**TASK DESCRIPTION:**
Write the listing out again word for word. Pictures do not belong in the copy.

**DATA EXCERPTS:**
□ □ □ □ □ □ □
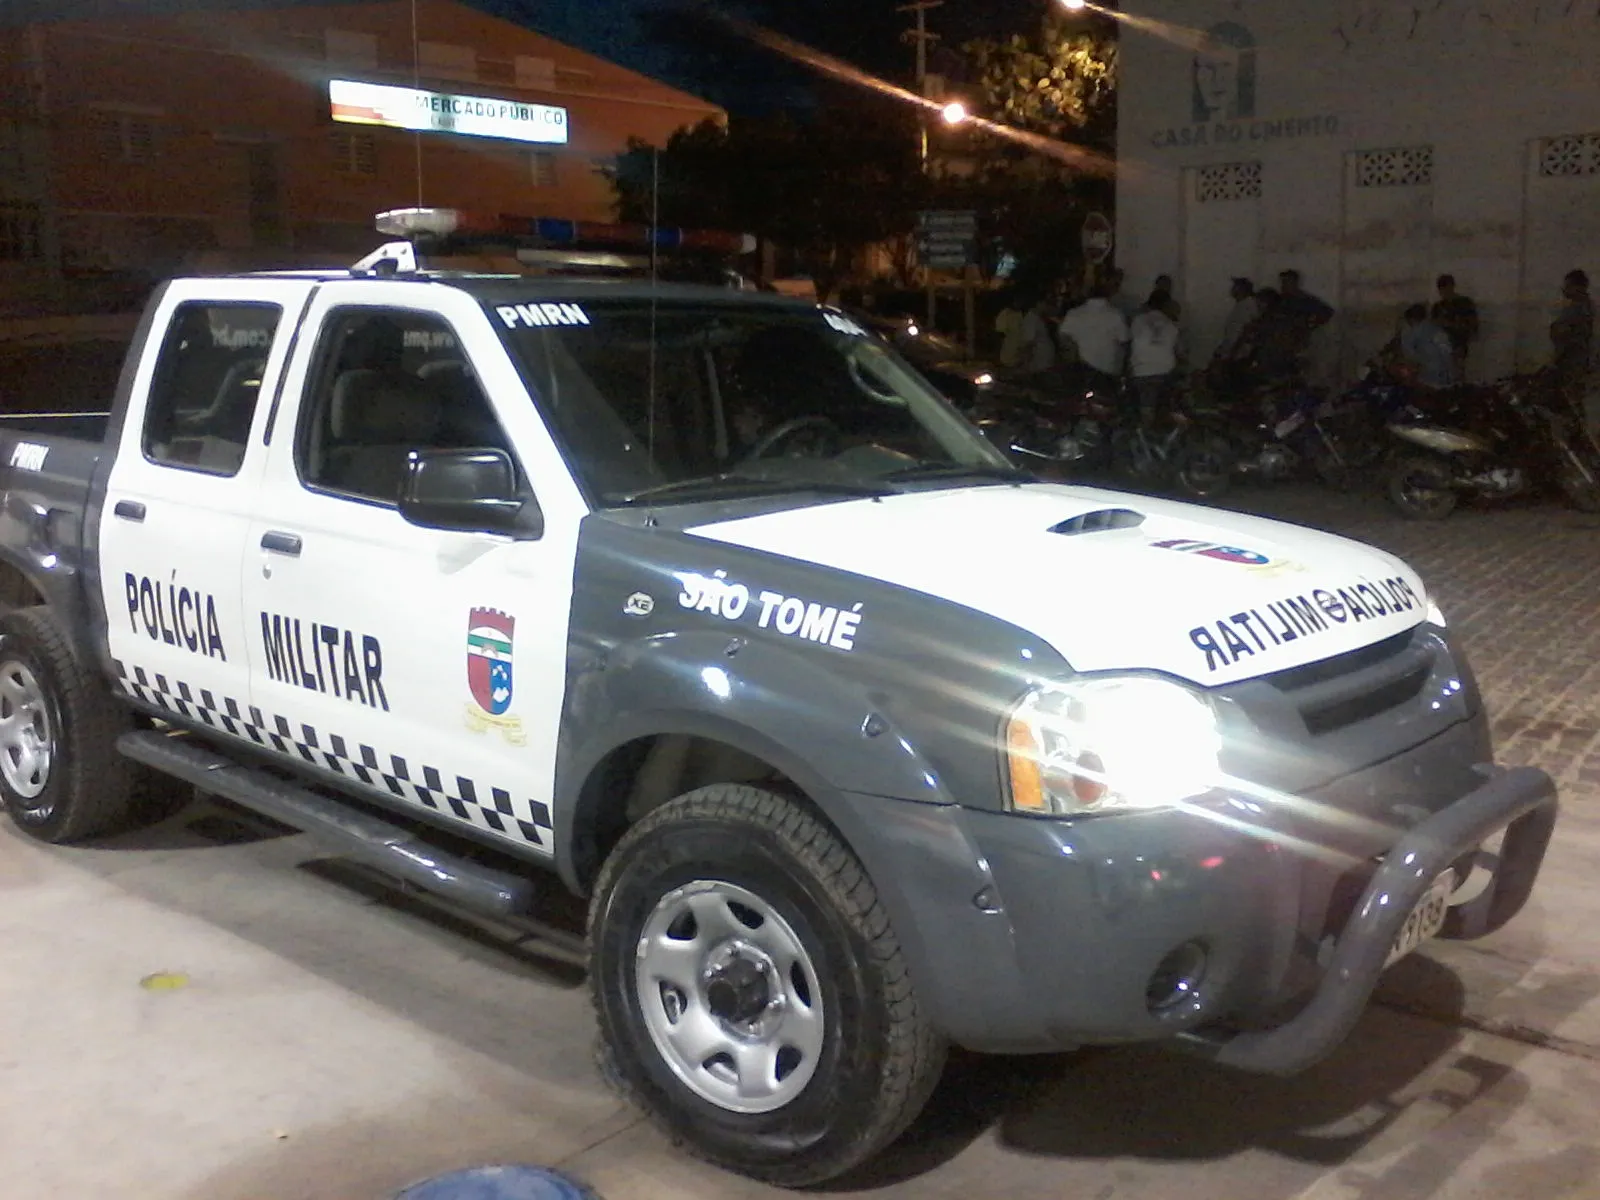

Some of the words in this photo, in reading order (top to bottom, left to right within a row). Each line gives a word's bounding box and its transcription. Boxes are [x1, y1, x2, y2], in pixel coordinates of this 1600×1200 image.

[415, 96, 495, 117] MERCADO
[1152, 126, 1208, 148] CASA
[1215, 123, 1243, 142] DO
[496, 303, 590, 329] PMRN
[10, 441, 50, 472] PMRN
[674, 569, 749, 620] SÃO
[757, 590, 863, 651] TOMÉ
[124, 568, 228, 662] POLÍCIA
[260, 611, 390, 712] MILITAR
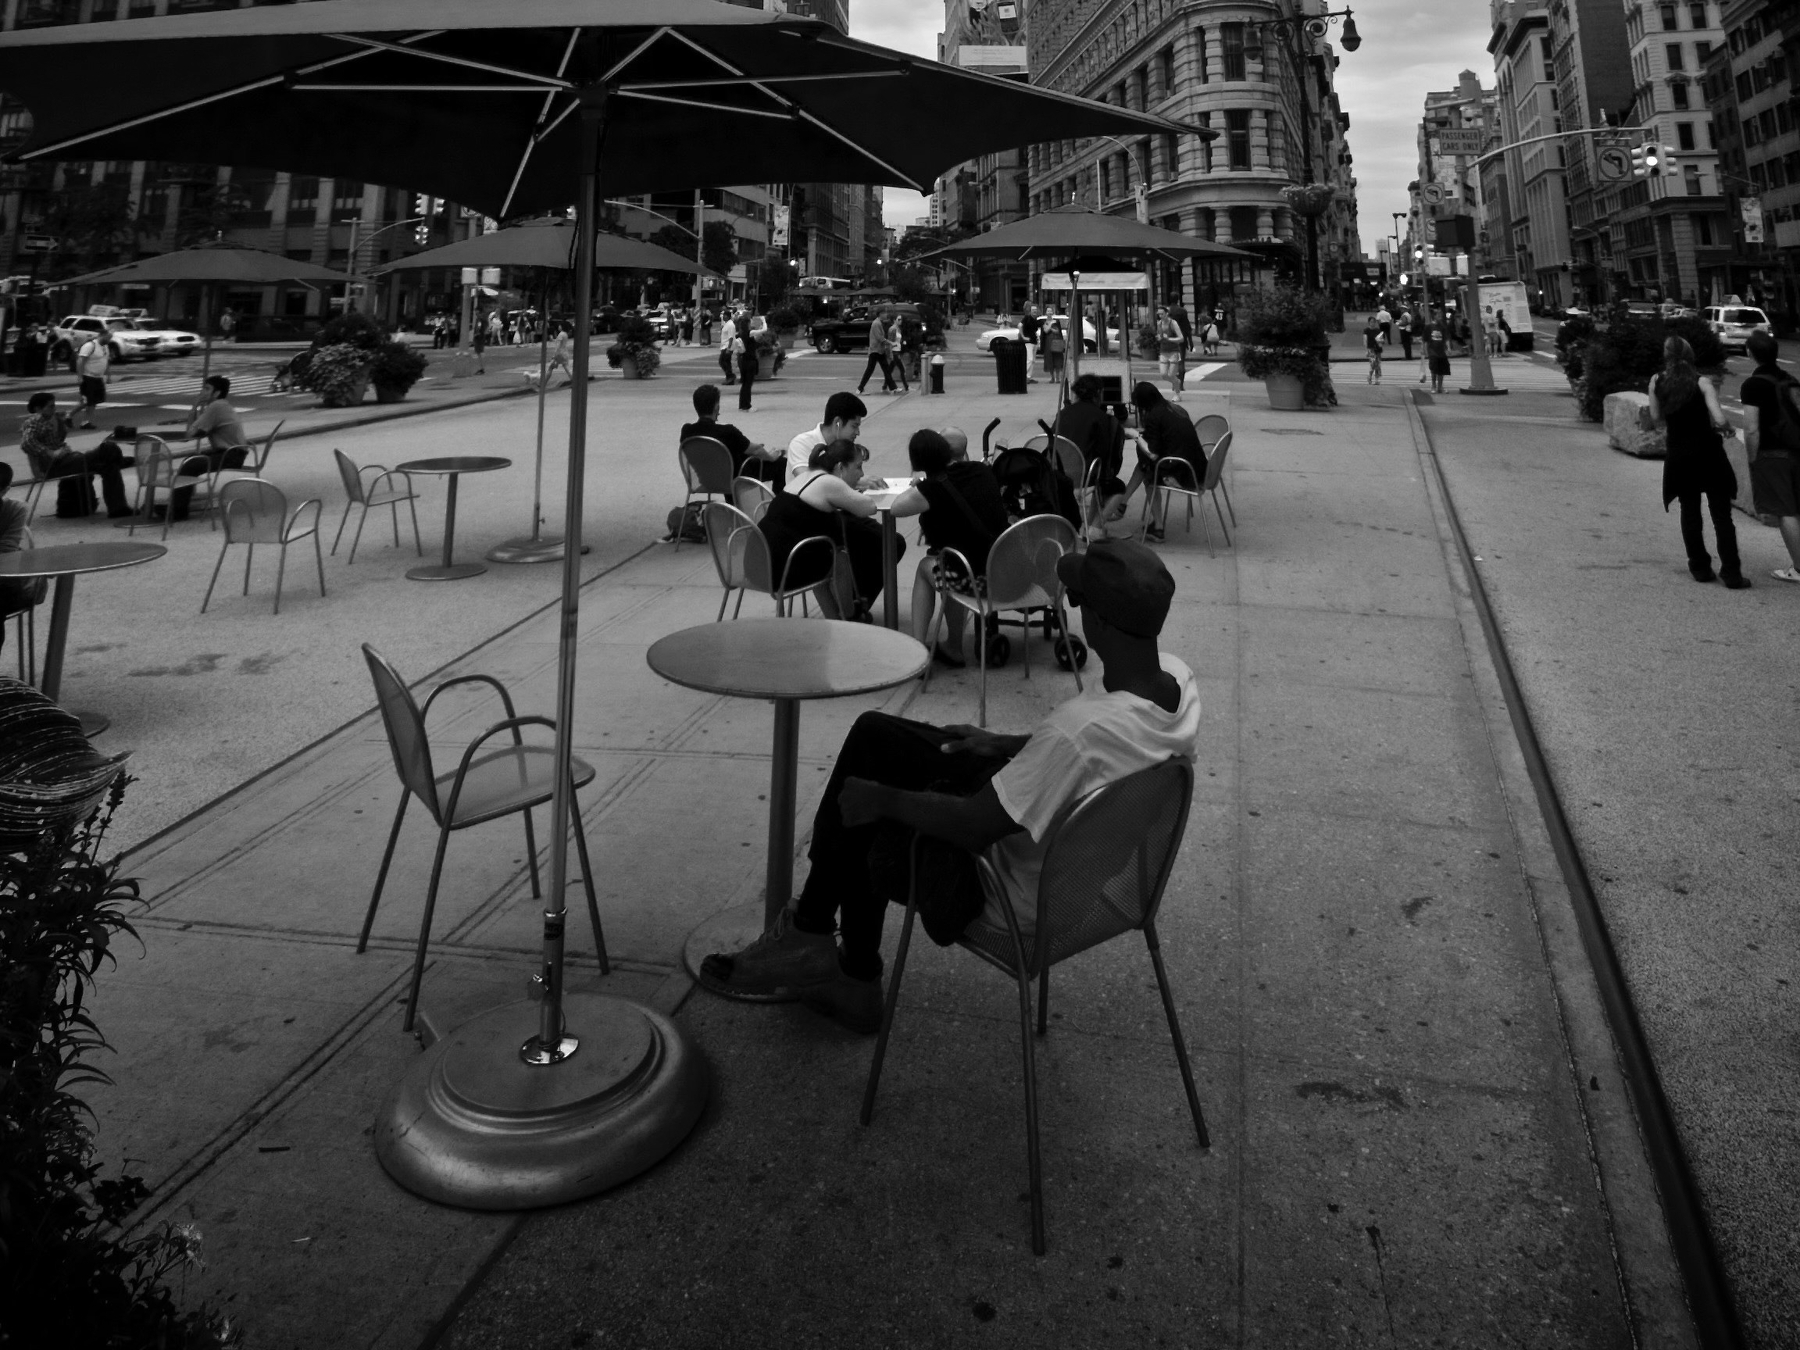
□ □ □ □ □ □ □
**ANSWER SPACE:**
Some of the words in this photo, in reading order (top to bottom, left to right within a row). Each line gives a word's bounding box and its transcription. Boxes are [x1, y1, x2, y2], in pixel coordinates of this 1600×1200 image.

[415, 96, 495, 117] MERCADO
[1152, 126, 1208, 148] CASA
[1215, 123, 1243, 142] DO
[496, 303, 590, 329] PMRN
[10, 441, 50, 472] PMRN
[674, 569, 749, 620] SÃO
[757, 590, 863, 651] TOMÉ
[124, 568, 228, 662] POLÍCIA
[260, 611, 390, 712] MILITAR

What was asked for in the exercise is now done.